Meskipun setelah penarikan terbaru, harga tetap lebih dari 50% lebih tinggi dibandingkan setahun yang lalu, menegaskan betapa kuatnya bull run 2025-2026.
Pemicu langsung dari penarikan kembali adalah perubahan ekspektasi suku bunga. Data inflasi yang lebih kuat dari perkiraan dan pesan hawkish dari Federal Reserve telah mendorong imbal hasil riil lebih tinggi dan memperkuat dolar, keduanya biasanya memberikan tekanan pada emas.
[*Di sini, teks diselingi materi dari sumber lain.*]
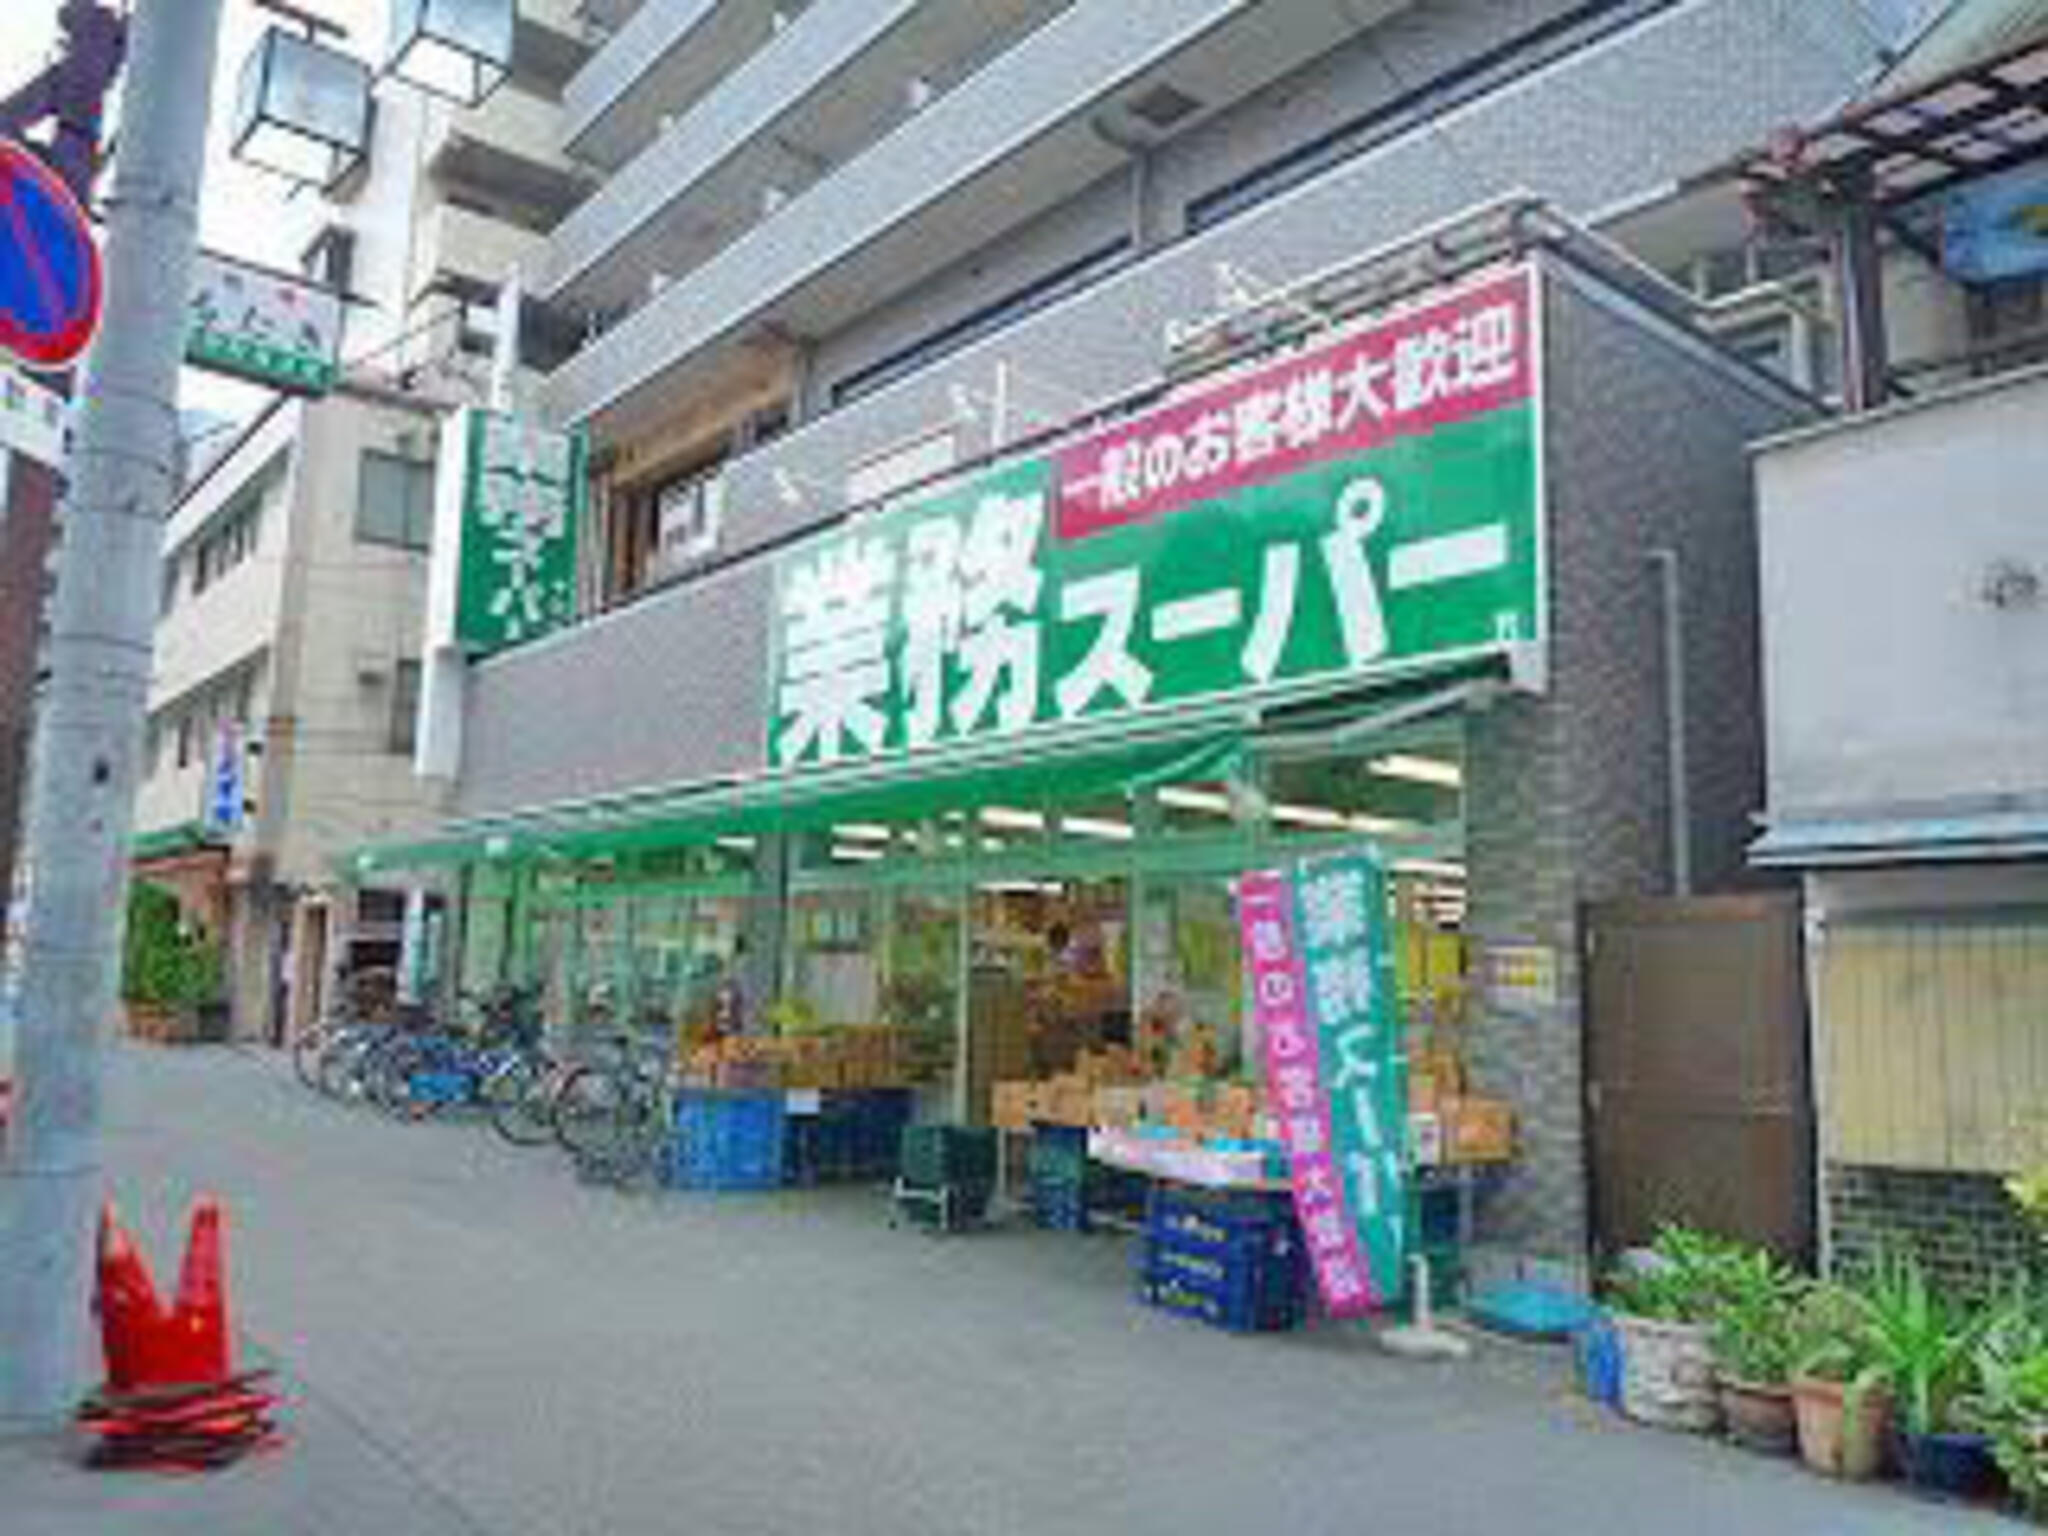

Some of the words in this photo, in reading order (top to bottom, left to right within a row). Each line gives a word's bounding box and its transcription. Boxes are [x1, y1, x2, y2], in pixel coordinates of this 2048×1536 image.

[1061, 302, 1519, 511] 一般のお客様大歓迎
[776, 476, 1508, 768] 業務スーパー
Ketika imbal hasil memberikan kompensasi lebih besar bagi investor untuk memegang uang tunai atau obligasi, aset tanpa imbal hasil seperti emas cenderung melakukan koreksi, terutama setelah pergerakan vertikal.

Prospek jangka menengah: makro masih mendukung harga emas yang lebih tinggi
Meskipun mengalami penurunan jangka pendek, bank-bank besar dan meja komoditas tetap optimis terhadap emas menjelang akhir tahun. JPMorgan, Goldman Sachs, dan lainnya memperkirakan harga akan perlahan kembali menuju kisaran 5.400-6.300 dolar pada akhir 2026, dengan asumsi The Fed mulai memangkas suku bunga dan imbal hasil riil cenderung turun. Perkiraan berbeda mengenai target pastinya, tetapi konsensusnya jelas: suku bunga lebih rendah ditambah inflasi yang persisten menciptakan latar belakang yang mendukung untuk logam ini.
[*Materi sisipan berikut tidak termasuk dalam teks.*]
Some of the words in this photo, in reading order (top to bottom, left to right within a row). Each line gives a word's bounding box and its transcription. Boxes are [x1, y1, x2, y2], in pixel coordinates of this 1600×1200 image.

Permintaan bank sentral adalah pilar lain dari argumen bull. Pembeli resmi telah secara konsisten mendiversifikasi diri dari dolar AS, menambahkan emas ke cadangan, dan secara efektif menempatkan dasar di bawah pasar. Para analis memperkirakan bahwa pembelian rata-rata kuartalan oleh bank sentral dapat menambah sekitar 2% ke harga sendiri, bahkan sebelum arus ritel dan ETF diperhitungkan.
Permintaan struktural itu membuat koreksi mendalam dan berkepanjangan menjadi kurang mungkin terjadi, kecuali narasi makro berubah secara drastis.
Risiko utama: dolar yang lebih kuat, inflasi yang lebih lemah, posisi
Risiko utama adalah bahwa Fed tetap hawkish lebih lama dari yang diperkirakan, menjaga imbal hasil riil tetap tinggi dan dolar tetap kuat hingga 2027. Dalam skenario itu, emas bisa menghabiskan lebih banyak waktu dalam konsolidasi di bawah 5.000 dolar, menghilangkan spekulasi berlebihan daripada langsung melanjutkan tren naiknya. Perlambatan yang lebih tajam dalam inflasi juga akan melemahkan sebagian argumen lindung nilai, terutama jika pertumbuhan tetap tangguh dan investor berpindah kembali ke aset berisiko.
Posisi adalah faktor lain yang perlu diawasi. Setelah kenaikan yang sangat kuat, posisi panjang spekulatif di futures dan opsi meningkat signifikan, membuat pasar rentan terhadap penurunan tiba-tiba ketika sentimen berubah.
Jika para pemain berisiko terus melakukan pelepasan, volatilitas bisa tetap tinggi meskipun tren jangka panjang tetap positif. Untuk saat ini, grafik menunjukkan koreksi pasar bull klasik: penarikan cepat menuju support dalam tren naik yang lebih besar, bukan puncak siklus yang telah selesai.